Roots of Evil

That night she outlined her lips with the sinful dark red lipstick and her eyes with the black kohl. She brushed her hair into its new smooth shape, and then put on the damson gown. It was completely backless, as was the fashion, and above it her skin was creamy white. It felt depraved to be exposing so much of her body, but it also felt exciting.

There were long silken gloves to wear with the gown; Alice drew them on over her bare arms. They reached to above her elbows, and if the gown had been striking before, the contrast between the rich magenta silk and her bare alabaster shoulders and upper arms made it seem quite immodest. It also, thought Alice, caught between delight and panic, made her look extremely sexy. She contemplated this last word, and the crimson lips curved into a smile in the mirror. She had never thought of herself as sexy before. But she was, she was. If only the man with golden-brown eyes could see her like this—No. Don’t think about him.

She pushed down the ache of loss, swirled the sable-lined cloak around her shoulders, and went out into the badly lit streets. It was a long walk and it was probably quite dangerous to walk through these streets dressed so richly, but she could not afford to do anything else. Once in the prosperous part of the city, where carriages rumbled along the wide streets, and where there were brightly lit windows of restaurants and coffee houses she felt safer, although her mind and her stomach were turning over and over. I’m clad in extravagant striking clothes, and I’m wearing paint on my face and I have dyed my hair. I look absolutely nothing like I have looked for the last eighteen years, and I think this is a night when anything – anything! – might happen to me.

As she walked up the steps and entered the Opera House she had the feeling that she was crossing over some kind of line. This is it, she thought. This is the moment when I’m going to step out of one world and into another. Rubicons and Rivers of Jordan, and valleys of decision and destiny…

She took a deep breath and went inside.



At first the sheer vastness of the Opera House, and the heat and the brilliance, were bewildering, and she felt as if she was walking into a solid wall of light and noise and movement. But she forced herself to appear cool and detached, and after a moment she was aware that several heads had turned to look at her. With curiosity? With disapproval? I don’t mind about the disapproval, thought Alice. I’d mind more if they didn’t notice me.

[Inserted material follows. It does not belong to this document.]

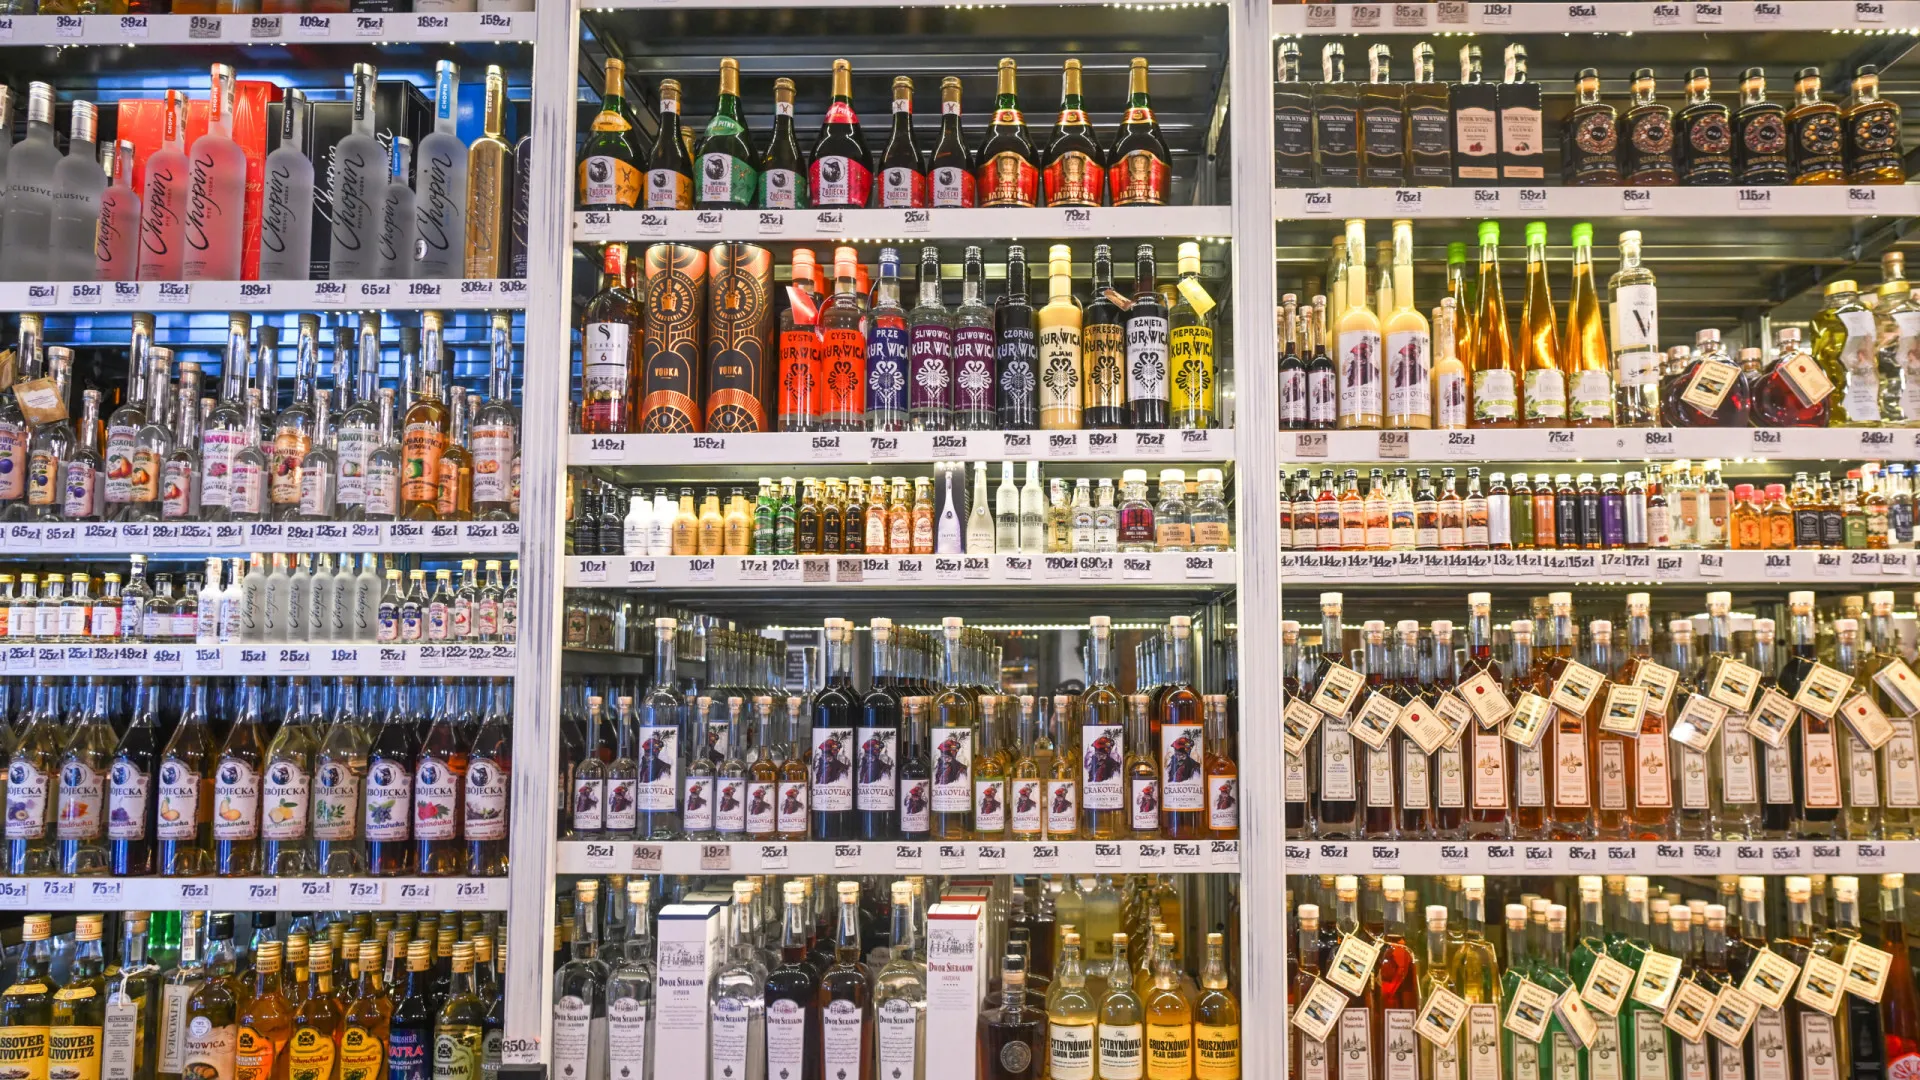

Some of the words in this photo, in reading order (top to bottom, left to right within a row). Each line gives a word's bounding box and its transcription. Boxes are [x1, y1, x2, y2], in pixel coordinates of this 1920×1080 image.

But they were noticing her. There was a look in the men’s eyes that suggested they were intrigued, and in the women’s that suggested they were annoyed at this stranger for stealing the attention. Alice felt a spurt of delighted triumph. I’m across that invisible threshold and I’m into this new world, and there’s no turning back.

Turning back was the last thing she intended. She remained where she was, looking about her, listening and watching and surreptitiously absorbing it all. This is the time when you must appear very sure of yourself, said her mind, and when you must seem rather disdainful, because you are used to all this, remember. You are used to glittering crowds of people – you even find them a little boring, and perhaps also slightly absurd – and you are used to opulent rooms lit by hundreds of candles. Most of all you are used to the soft perfumed aura of wealth, because you are extremely wealthy yourself. So far so good.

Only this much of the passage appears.